Monday, December 28, 2009

The Anthem who stole Christmas

A week before Christmas we learned that our out of pocket (OOP) was to jump from 5K in '09 to 10K in '10 (how convenient of the insurance company to coordinate deductible with the year). The premium, increased something like $1 per pay period, which puts us squarely at $800/month for a total of $19,600 OOP for the upcoming year.

Health insurance is a major problem in this country. And I am thankful that it has been front and center of the national debate and media for the better part of a year now. But we still have a ways to go, and perhaps the for first time ever, I envy those living in Europe and Canada. Mothers who have heart kids of their own, who encounter virtually none of the financial fall-out that we are going through. Mothers and Fathers who undoubtedly are less-stressed and who are not bogged down with fights with their insurance companies. And as far as I can tell, their kids receive the same treatments and fare just as well as their American friends living with the same anatomical deformities.

The American Dream dissolves into the American Nightmare.

Every parent's wish is to have healthy children. Through the advances of medical technology, I feel we have that with Luna. It's the insurance costs that is killing us.

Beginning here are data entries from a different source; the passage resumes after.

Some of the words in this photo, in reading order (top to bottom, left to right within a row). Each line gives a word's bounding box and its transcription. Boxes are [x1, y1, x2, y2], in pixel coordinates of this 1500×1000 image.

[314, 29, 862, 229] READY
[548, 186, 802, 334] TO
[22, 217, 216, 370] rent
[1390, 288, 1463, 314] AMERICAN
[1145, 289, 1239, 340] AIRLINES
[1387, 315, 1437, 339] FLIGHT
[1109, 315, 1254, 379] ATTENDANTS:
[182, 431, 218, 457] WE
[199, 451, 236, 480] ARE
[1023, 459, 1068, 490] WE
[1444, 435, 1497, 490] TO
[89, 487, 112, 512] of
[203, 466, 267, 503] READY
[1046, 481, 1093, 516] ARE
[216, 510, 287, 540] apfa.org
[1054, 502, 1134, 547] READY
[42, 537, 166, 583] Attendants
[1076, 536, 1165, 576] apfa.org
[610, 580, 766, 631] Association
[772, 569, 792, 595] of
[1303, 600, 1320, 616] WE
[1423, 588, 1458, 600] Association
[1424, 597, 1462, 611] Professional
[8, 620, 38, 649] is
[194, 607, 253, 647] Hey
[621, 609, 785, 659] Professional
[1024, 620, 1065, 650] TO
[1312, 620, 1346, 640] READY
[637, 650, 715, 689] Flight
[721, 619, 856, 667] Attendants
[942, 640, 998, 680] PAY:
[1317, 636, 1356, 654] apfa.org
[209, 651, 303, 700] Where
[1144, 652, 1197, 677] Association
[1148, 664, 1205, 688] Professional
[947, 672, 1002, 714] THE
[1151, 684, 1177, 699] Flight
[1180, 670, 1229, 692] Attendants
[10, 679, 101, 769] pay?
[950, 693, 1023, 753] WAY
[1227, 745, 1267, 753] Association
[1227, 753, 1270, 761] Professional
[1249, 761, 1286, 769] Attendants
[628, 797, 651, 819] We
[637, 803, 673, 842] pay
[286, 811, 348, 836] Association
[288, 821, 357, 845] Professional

Take this scenario (a totally fictional account created for the sake of this argument):

Suppose you were working at a company with roughly 100 people. The company is about 50/50 split between men and women, and about 65% of the company's employees carry insurance for their entire family.

Of that 65% one woman had a baby via c-section, one family learned their teenage daughter had a rare bone cancer, and one family has a baby who, in one year alone endured 2 open heart surgeries, 2 catheters, and 2 sedated echo cardiograms.

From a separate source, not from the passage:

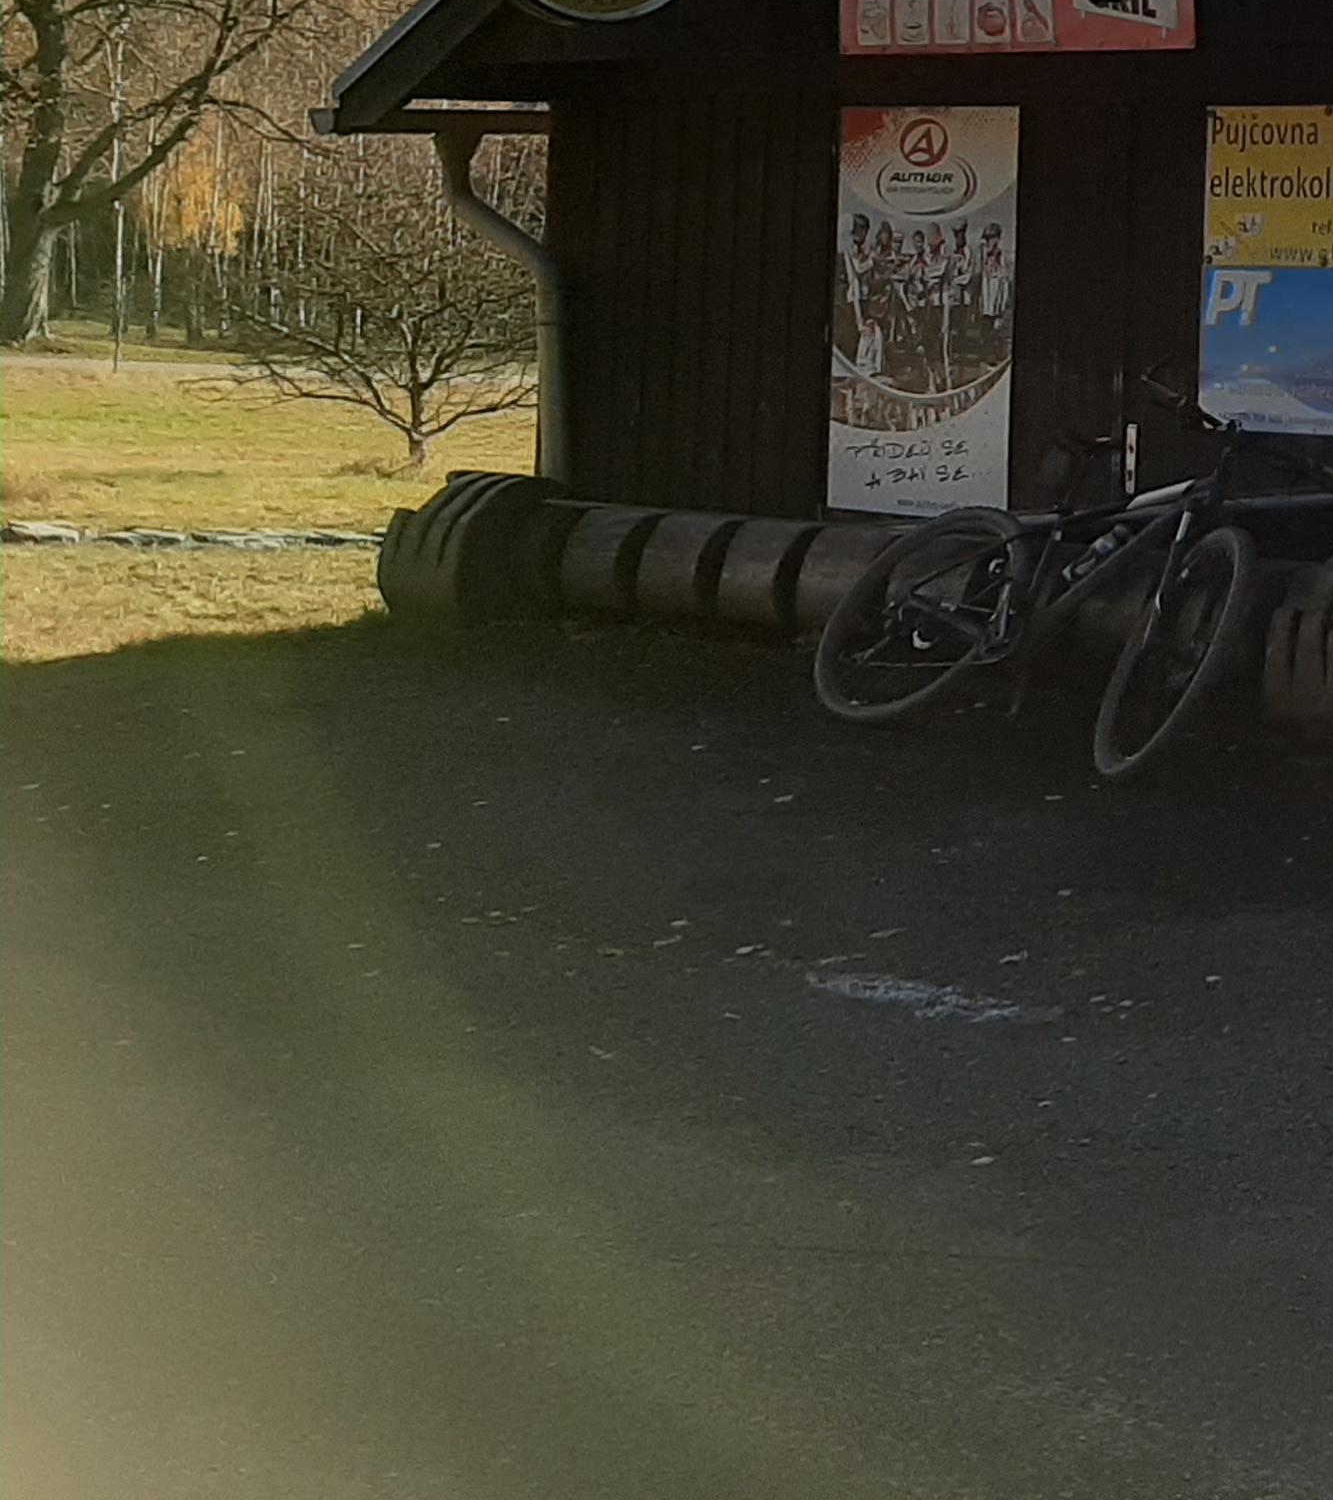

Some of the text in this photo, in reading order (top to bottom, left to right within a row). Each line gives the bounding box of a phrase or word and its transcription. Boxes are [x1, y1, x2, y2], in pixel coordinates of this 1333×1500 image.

This December the HR gal begins her dreaded and laborious task of re-upping her health insurance contracts. Of the five companies she calls for rates, the only one who will return her call is the same carrier she is dealing with now. Sure, they say, we'll insure your company. But for 2009 we where upside down 130% so we're going to double your employees out of pocket for 2010.

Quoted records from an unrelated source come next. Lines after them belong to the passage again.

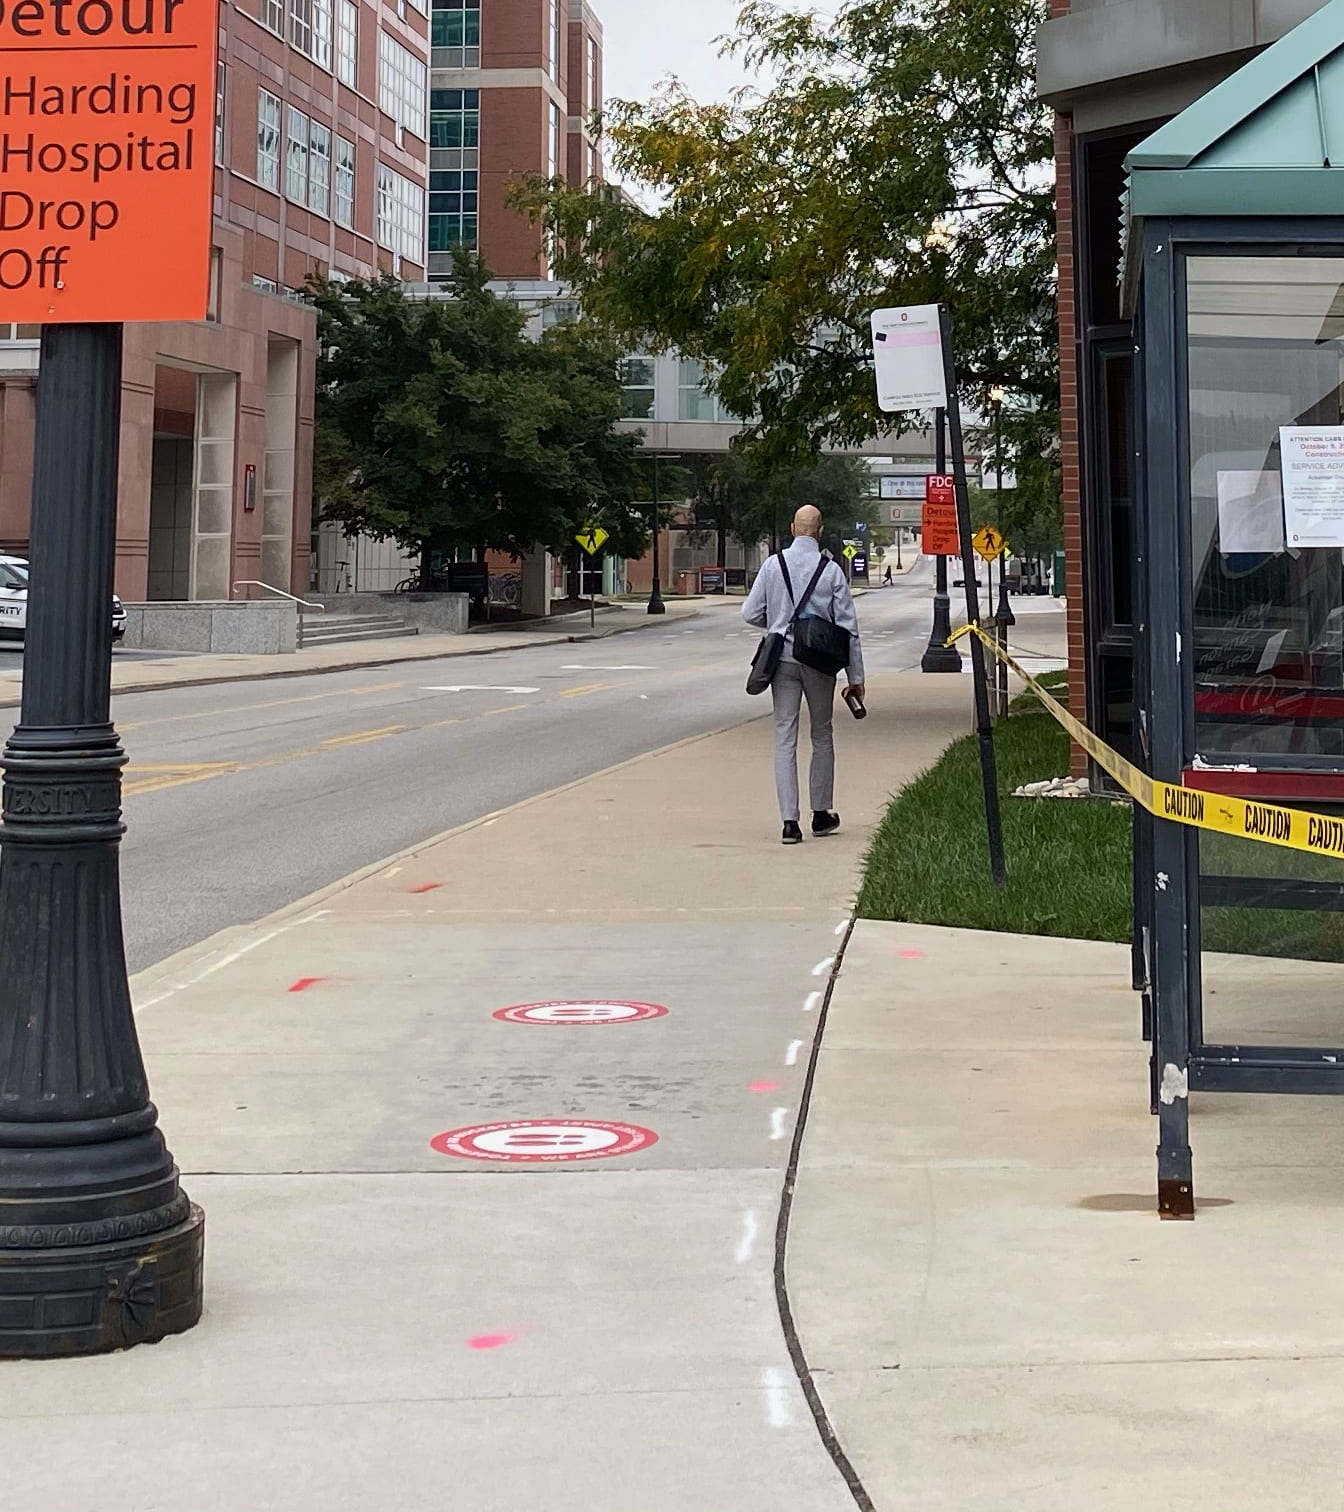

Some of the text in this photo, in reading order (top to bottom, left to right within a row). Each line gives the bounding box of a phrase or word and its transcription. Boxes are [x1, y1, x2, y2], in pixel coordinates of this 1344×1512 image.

[3, 72, 197, 124] Harding
[1, 128, 194, 183] Hospital
[0, 190, 119, 241] Drop
[928, 475, 954, 488] FDC
[1291, 462, 1325, 470] SERVICE
[1164, 787, 1204, 822] CAUTION
[1245, 805, 1291, 841] CAUTION

Now, would anyone like to tell me how this story will end, when in 2010 we *know* the heart baby will incur another 1/4 of a million in claims for her next open heart surgery, cath and sedated echo?

The entire company not insurable? Nonsense you say! But isn't what these free-market zealots wail about? "Let the markets correct themselves, let competition rein!".

Ah-huh. Except for that tiny detail that everyone seemed to forget: you cannot negotiate your health. And you cannot leverage a human life.

I love business and am currently growing one devoted to cultivating and advocating for the creative industries. I love, love, love the thrill of the negotiation. Negotiation is all about leverage. And faking to the party trying to sell their goods or services that you somehow do not need their goods. Case in point, I recently negotiated ad space. I really did not *need* this full page ad, I wanted it. The 'seller' knew this, both parties know the publishing world is hurting, so I get a great deal for my client.

Or, you want to buy that house, but there's something about it that just doesn't feel right to you. You walk away. In this market you'll find five others-better than the one you just toured. But when you know your kid is going to cost a fortune, and you know that in 2010 she'll endure more medical care than most do in a lifetime; how can you possibly walk away and find an insurance company who will cover that? A company, whose business practices and profit margin are not based upon the services they offer, but rather, on the ones they reject (wow, sounds like a pretty incredible company...how can I run one of those you say!)

So, until we somehow come to grips with the fact that health is not a 'free-market' kind of thing, and every time a health insurance company makes a windfall profit, and your stock spits out another dividend, just remember, that happened solely on the fact that the only way for an insurance company to make that windfall profit is to reject coverage for kids like Luna or, simply not insure entire companies who have one or two medically needy folks on the policy. Oh you say, but isn't that like everyone? Uh-huh.